連続時間生存モデルを潜在変数モデリングの枠組み(というかMplusの枠組み)へと一般化します、という内容。著者らはMuthen導師とその弟子たち。仕事の都合で、メモをとりながら必死に読んだ。
潜在変数モデリングにCox比例ハザードモデル(PHM)を組み込んだ先例としてはLarsen(2004, 2005, ともにBiometrics)というのがあり、本論文はその拡張である由。へー。
まずPHMの説明。いわく、PHMには2種類ある。
- 「完全にノンパラなPHM」。え、PHMはセミパラメトリックでしょう? と思ってしまうが、著者らがいいたいのはそういうことではなくて、ベースライン・ハザード関数を出成りで決める(経過時点ごとに推定する)ことを指している。これをCox回帰という。推定の方法には、Breslow尤度アプローチ(プロファイル尤度アプローチ)というのと、Coxのアプローチ(部分尤度アプローチ)があるが、この2つは結局同じことである。なにがなんだかわからんが、そうですか。
- 「パラメトリックなPHM」。著者の言い方では、ベースライン・ハザード関数として指定した区間を持つ階段関数を用いる場合がこれにあたる。階段関数のパラメータ(段数だけある)の推定方法には2種類ある。ひとつは普通のパラメータとして扱う方法で、SEが出るし、形状に制約が掛けられるし、有限混合モデルのときに不変性制約を掛けられる。でも段数が多いと大変。もうひとつは局外パラメータとして扱うことで、計算が楽である由。どう計算すんのかよくわかんないけど、まあいいや。

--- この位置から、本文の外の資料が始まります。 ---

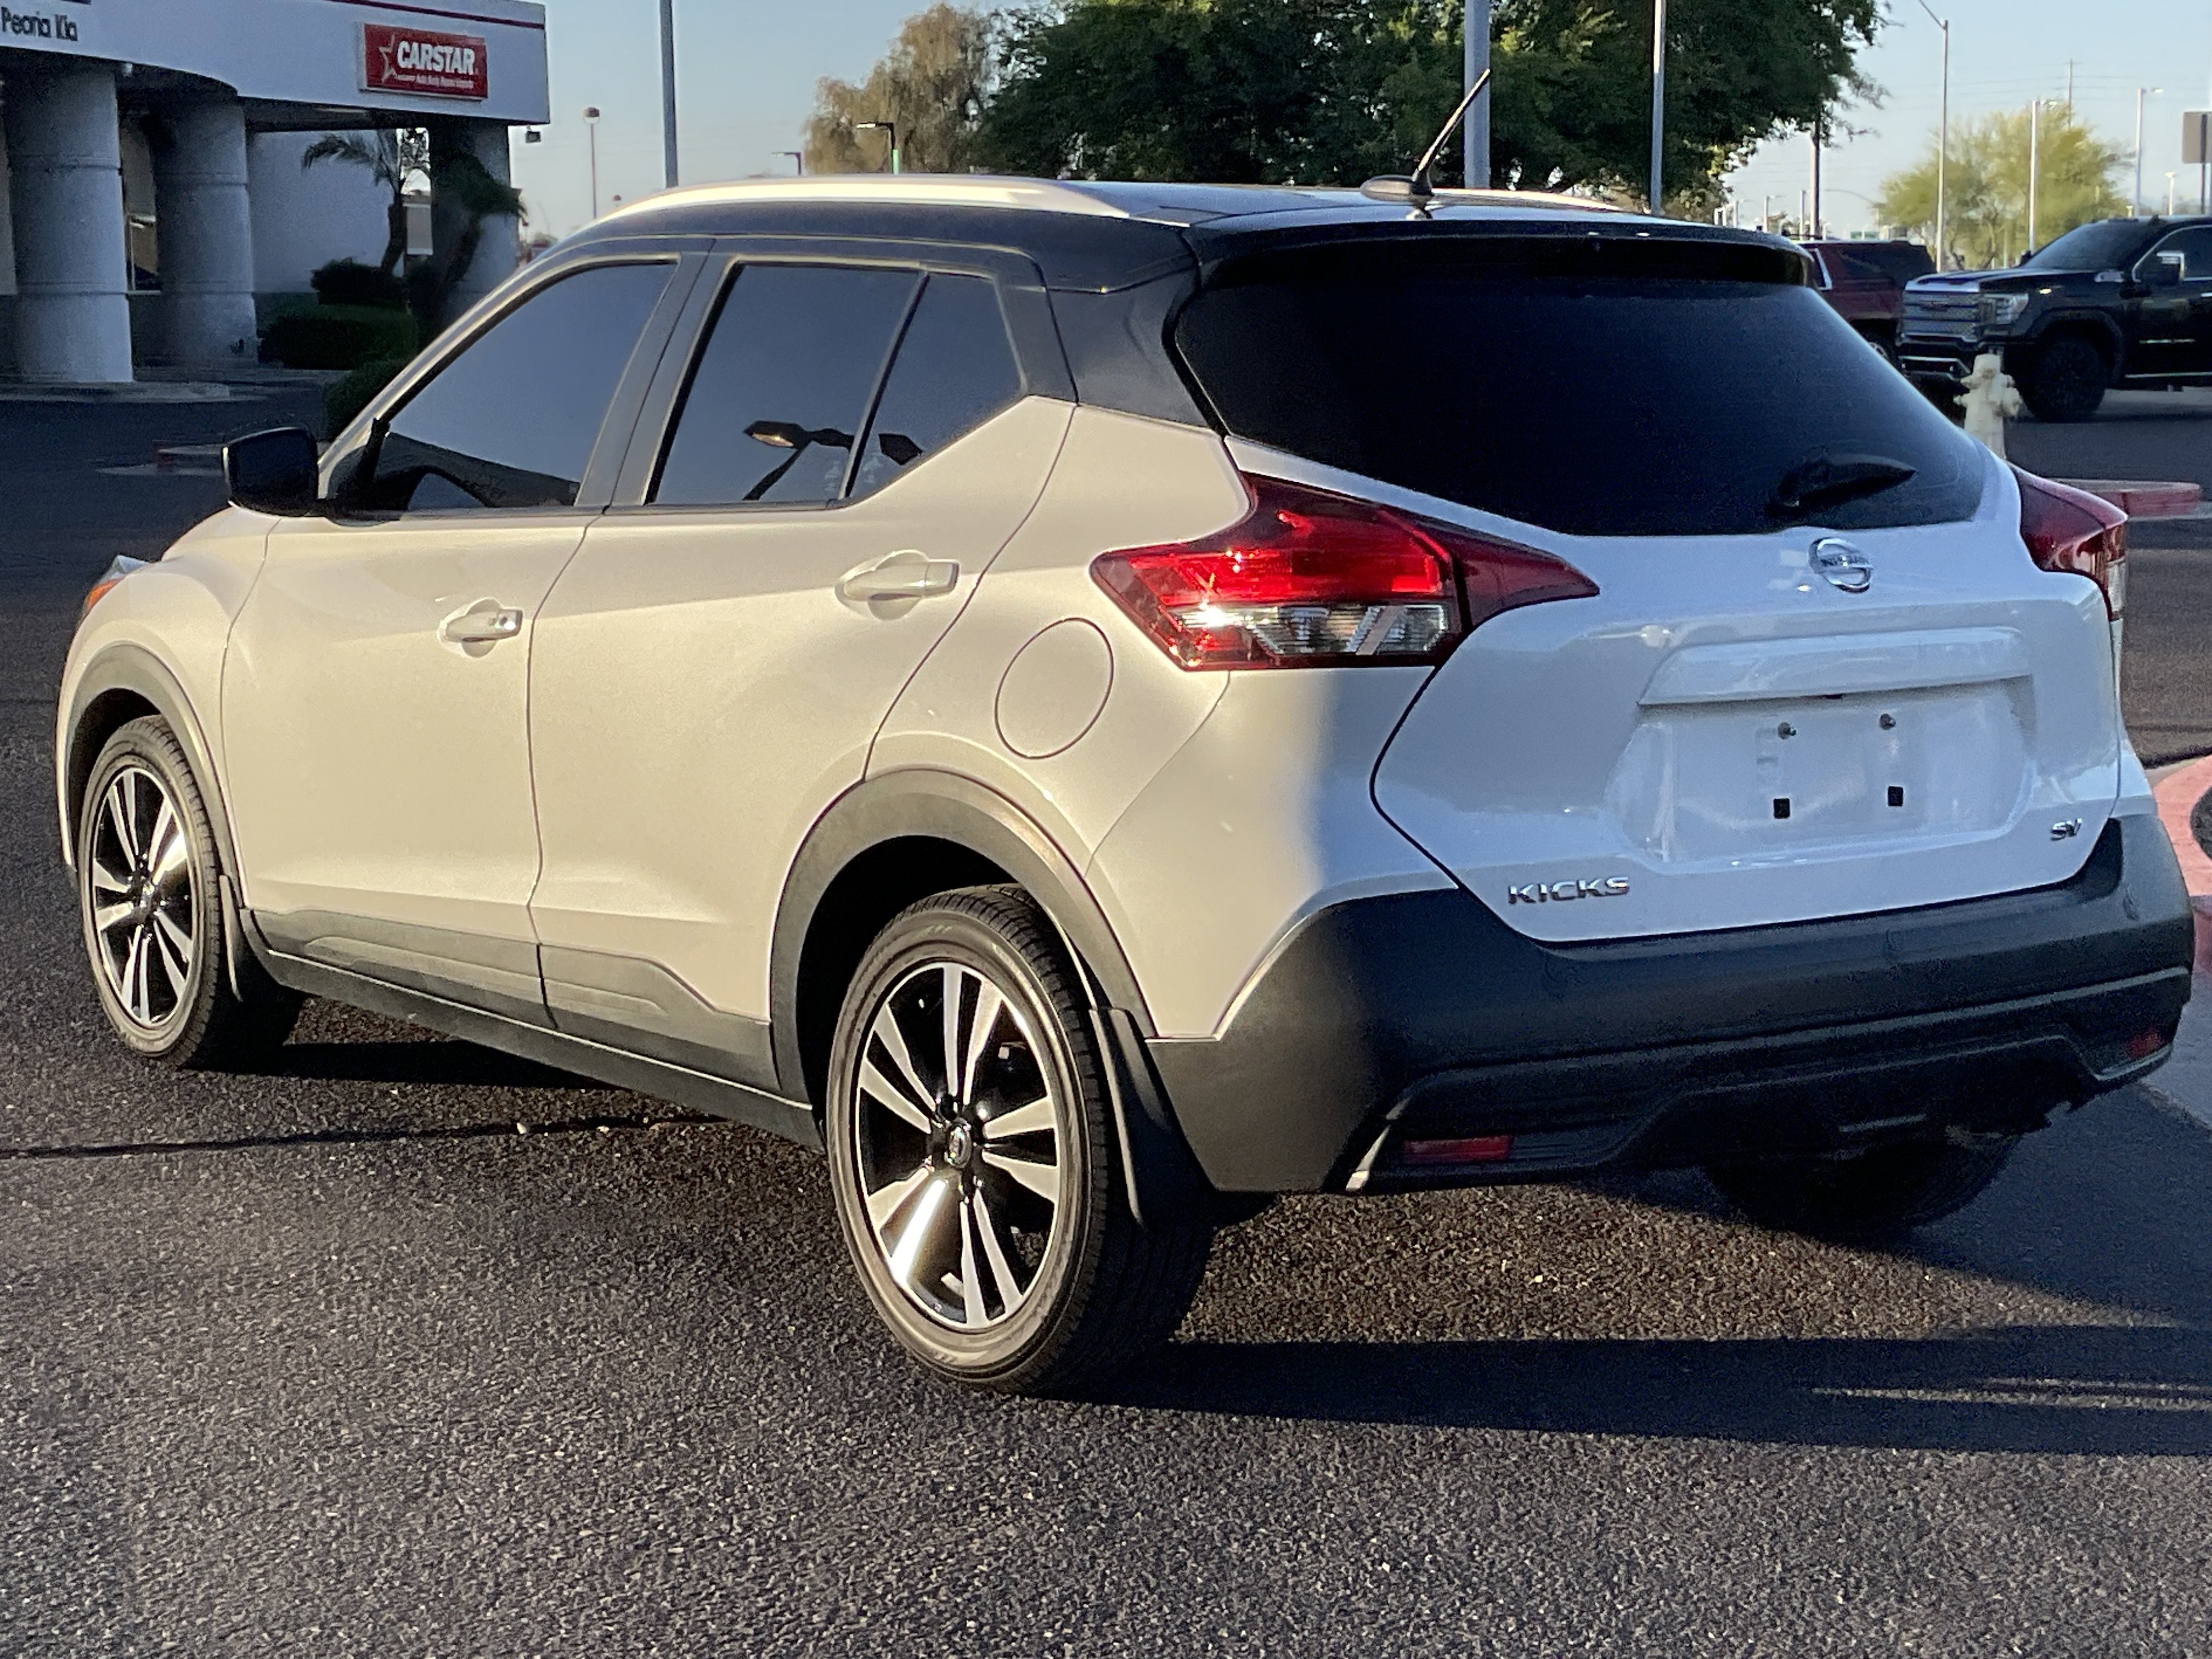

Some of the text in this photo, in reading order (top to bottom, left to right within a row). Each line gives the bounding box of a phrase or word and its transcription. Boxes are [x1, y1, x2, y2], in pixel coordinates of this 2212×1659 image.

[1, 7, 52, 38] Peoria
[397, 41, 476, 75] CARSTAR
[1508, 877, 1630, 904] KICKS

後者のアイデアは強力で、たとえばワイブル分布を近似することもできる。ワイブル分布は、パラメータを$(\alpha, s)$として
$\delta(t) = \alpha s (\alpha t)^{s-1}$
である。これを近似するためには、まず時間をみじん切りにする。生存時間の上限を$M$、みじん切りにしてできた区間数を$Q$とする (50か100もあればよろしい由)。幅は $h=M/Q$。$i$ 番目の区間の真ん中の時間は $t'= h ( i- 0.5 )$。これを上の式の $t$ に代入した値を、その区間の高さ $h_i$ にすればよい。すなわち
$h_i = \alpha s ( \alpha (M/Q) (i-0.5) )^{s-1} $
という制約をかければいいわけだ。
Cox回帰だろうがパラメトリックPHMだろうが、尤度関数は変わらない。時間を$T$, 生存関数を$S(T)$, ベースラインハザード関数を $\lambda(T)$, 共変量とその係数を $\beta X$, 打ち切りインジケータを $\delta$ として、尤度関数は
$L (T) = (\lambda(T) exp(\beta X))^{1-\delta} S(T)$
こうやってきれいに書いちゃうと簡単にみえますけどね。
ここまでは、まあ前説である。いよいよ本題の、生存時間モデルを潜在変数モデルの枠組みに統合するという話。
まず記号の準備。いきなり大仕掛けになって... クラスタ $j$ の 個体 $i$ の、$r$個目のイベント時間変数の時点 $t$ におけるハザードを $h_{rij}(t)$, $p$個目の従属変数の値を $y_{pij}$、彼が属している潜在クラス$(1,...,L)$を $C_{ij}$とする。$y_{pij}$ が順序変数だった場合も考慮し、その背後に潜在連続変数 $y^*_{pij}$ を想定する($y^*_{pij}$について正規分布を仮定すればプロビット回帰である)。$y_{pij}$が連続変数だったらそのまま $y^*_{pij}=y_{pij}$ とする。これをベクトル表記して $y^*_{ij}$ とする。共変量のベクトルを $x_{ij}$ とする。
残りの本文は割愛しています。